In the next round, students who didn't get into their first choice are allowed to apply to their second choice. That school then considers these students, along with all the students temporarily assigned to it, and gives out all of its seats in order of the students' priority. This process repeats, with any unassigned students applying to the next school on their list, and getting in if there is room -- or bumping other students if they are higher on the priority list.
When all students have been assigned, the process ends, and the assignments become final.
This method has several advantages, according to the study. First, the best strategy for parents is always to list the schools in their true order of preference. The technique also eliminates all cases of a student losing a spot to a lower-priority classmate.
An experiment run by Sonmez, who is an associate professor of economics at Koc University in Istanbul, and University of Michigan economist Yan Chen also indicates that the method is likely to make more students happier with their assignment. In the experiment, which used 36 students vying for seven schools, most students wound up at a school that was slightly higher on their list of preferences.

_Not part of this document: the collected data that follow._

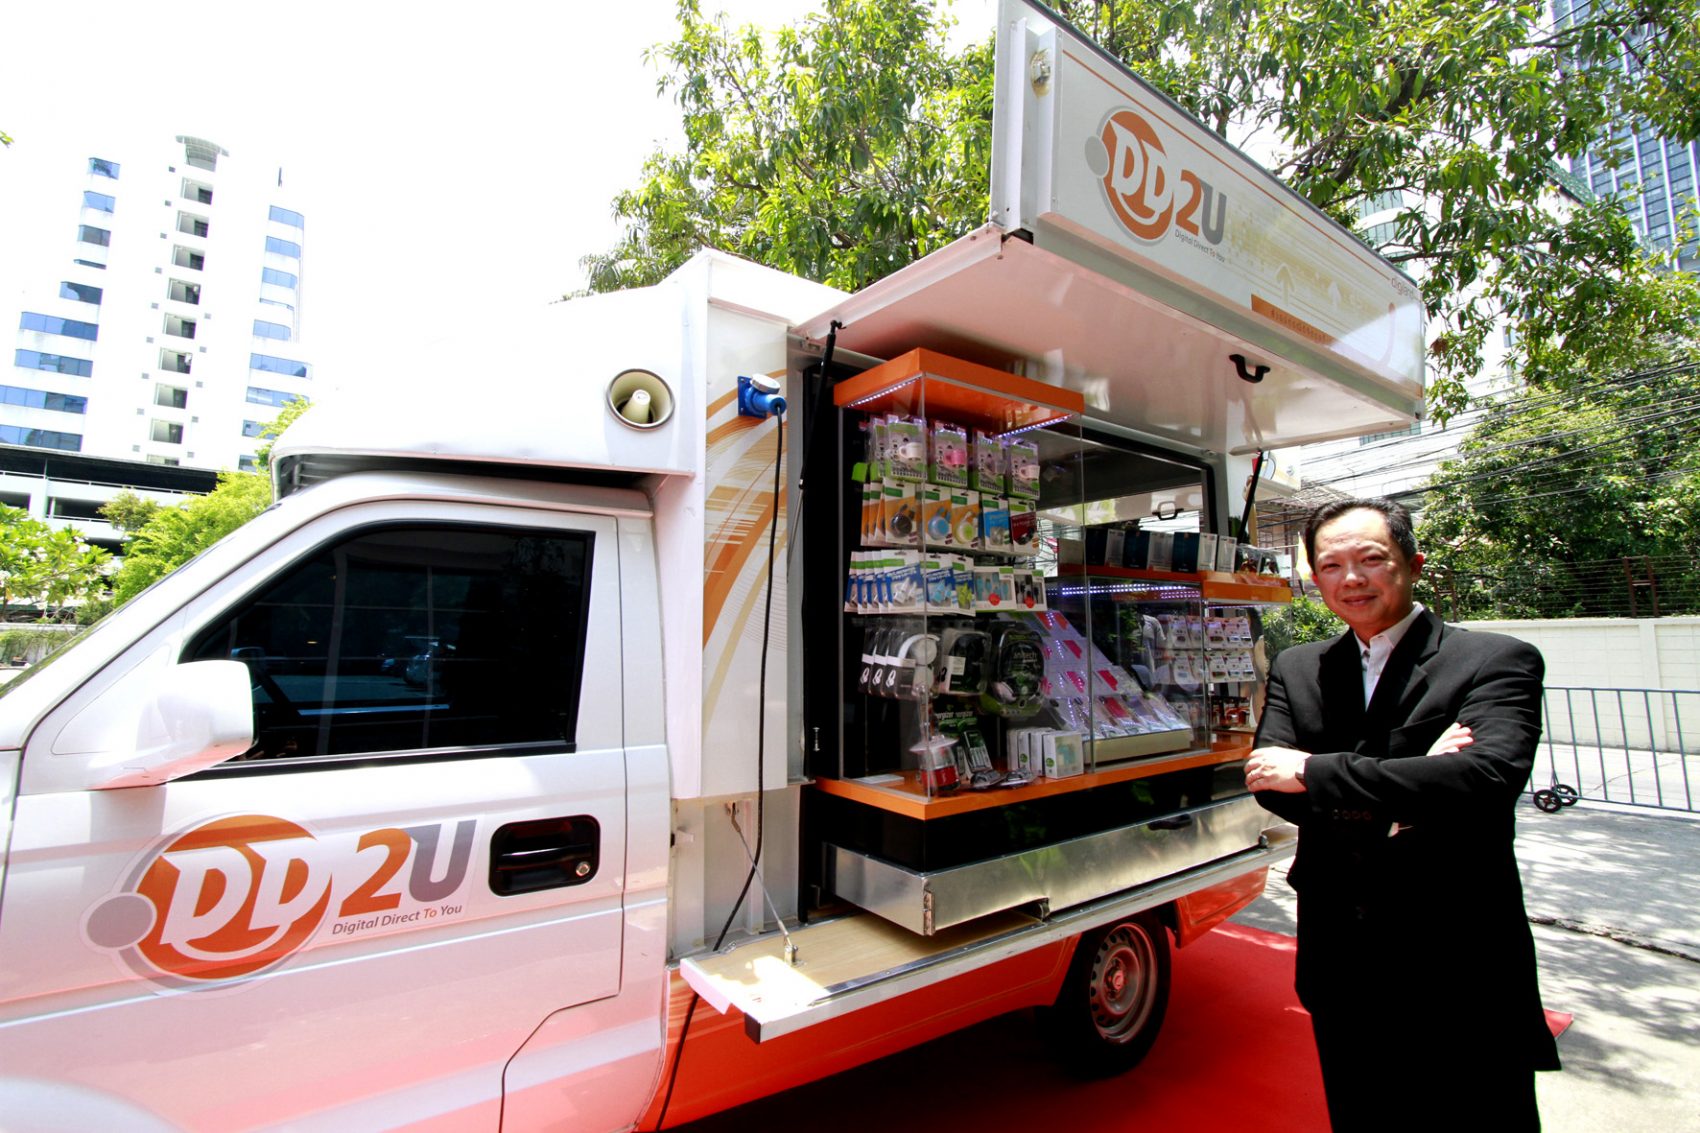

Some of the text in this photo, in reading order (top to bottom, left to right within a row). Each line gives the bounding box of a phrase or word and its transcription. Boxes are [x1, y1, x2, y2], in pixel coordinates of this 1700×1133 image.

[1109, 119, 1227, 245] DD2U
[160, 819, 477, 958] DD2U
[332, 905, 462, 935] Digital Direct To You
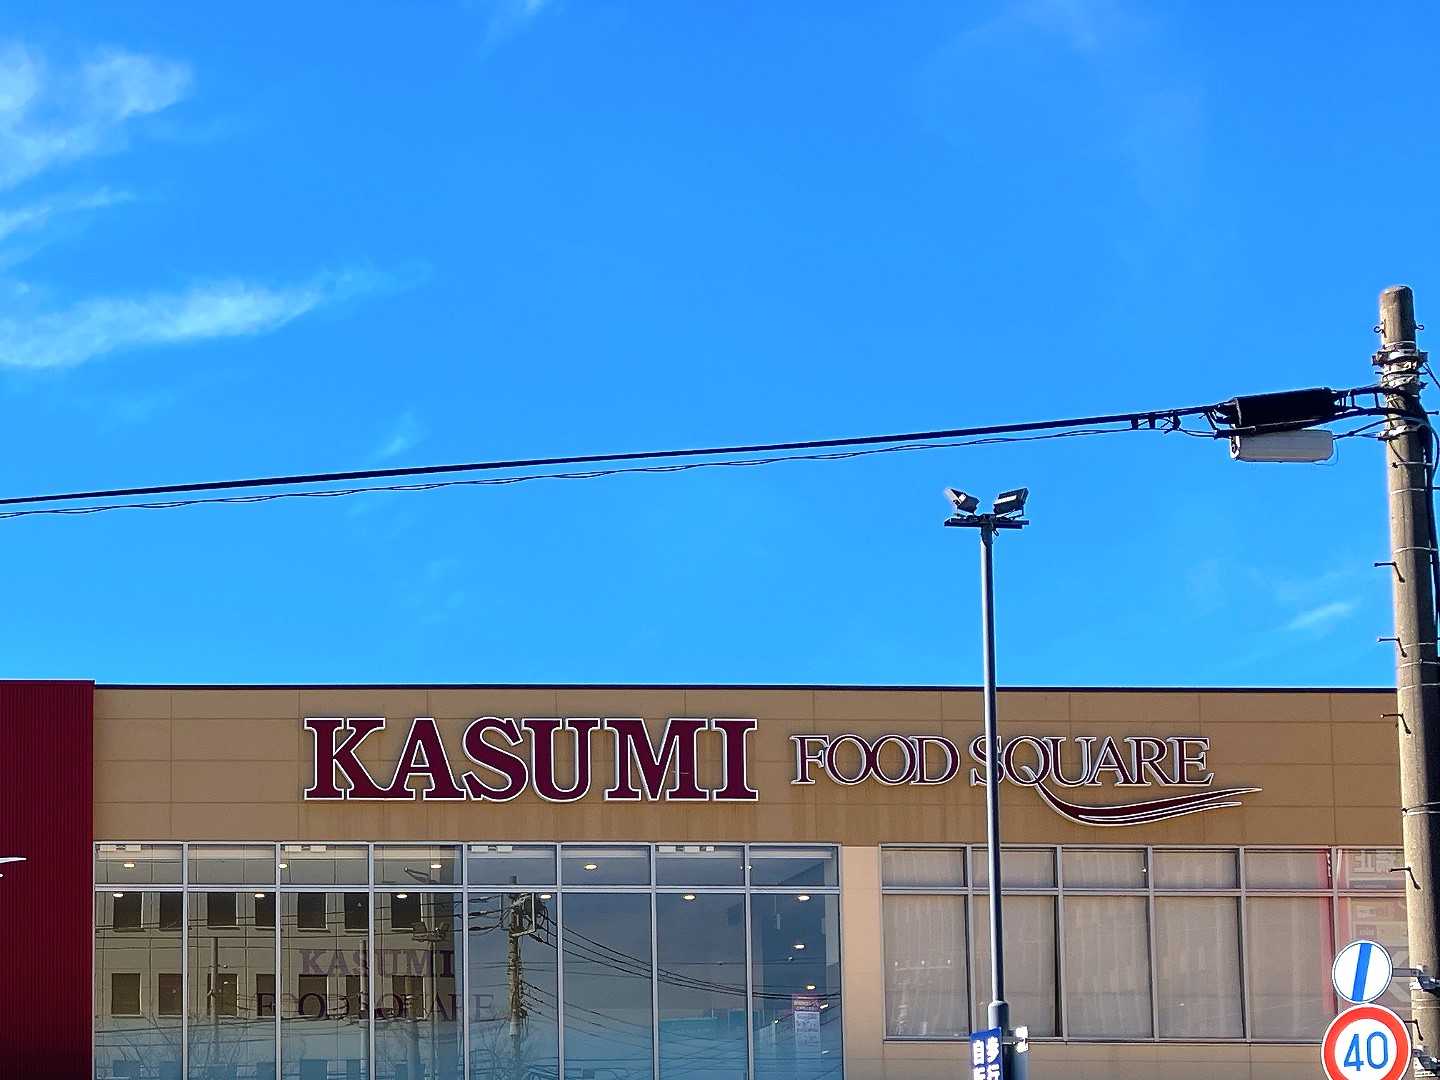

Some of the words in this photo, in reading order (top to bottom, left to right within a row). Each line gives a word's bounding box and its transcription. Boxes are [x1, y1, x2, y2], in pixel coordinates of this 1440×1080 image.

[304, 716, 758, 802] KASUMI
[790, 733, 960, 786] FOOD
[969, 735, 1218, 812] SQUARE
[1344, 1031, 1389, 1072] 40

Of course, no new system can create more seats at the most sought-after schools. But all parents interviewed by the Globe said that it would be a huge relief simply to write a truthful answer to the question: What school do you want?
"A lot of the alienation some parents have toward the choice system is solely attributable to the alienation of not making your first choice your first choice," said Neil Sullivan, the father of four children who have attended Boston public schools.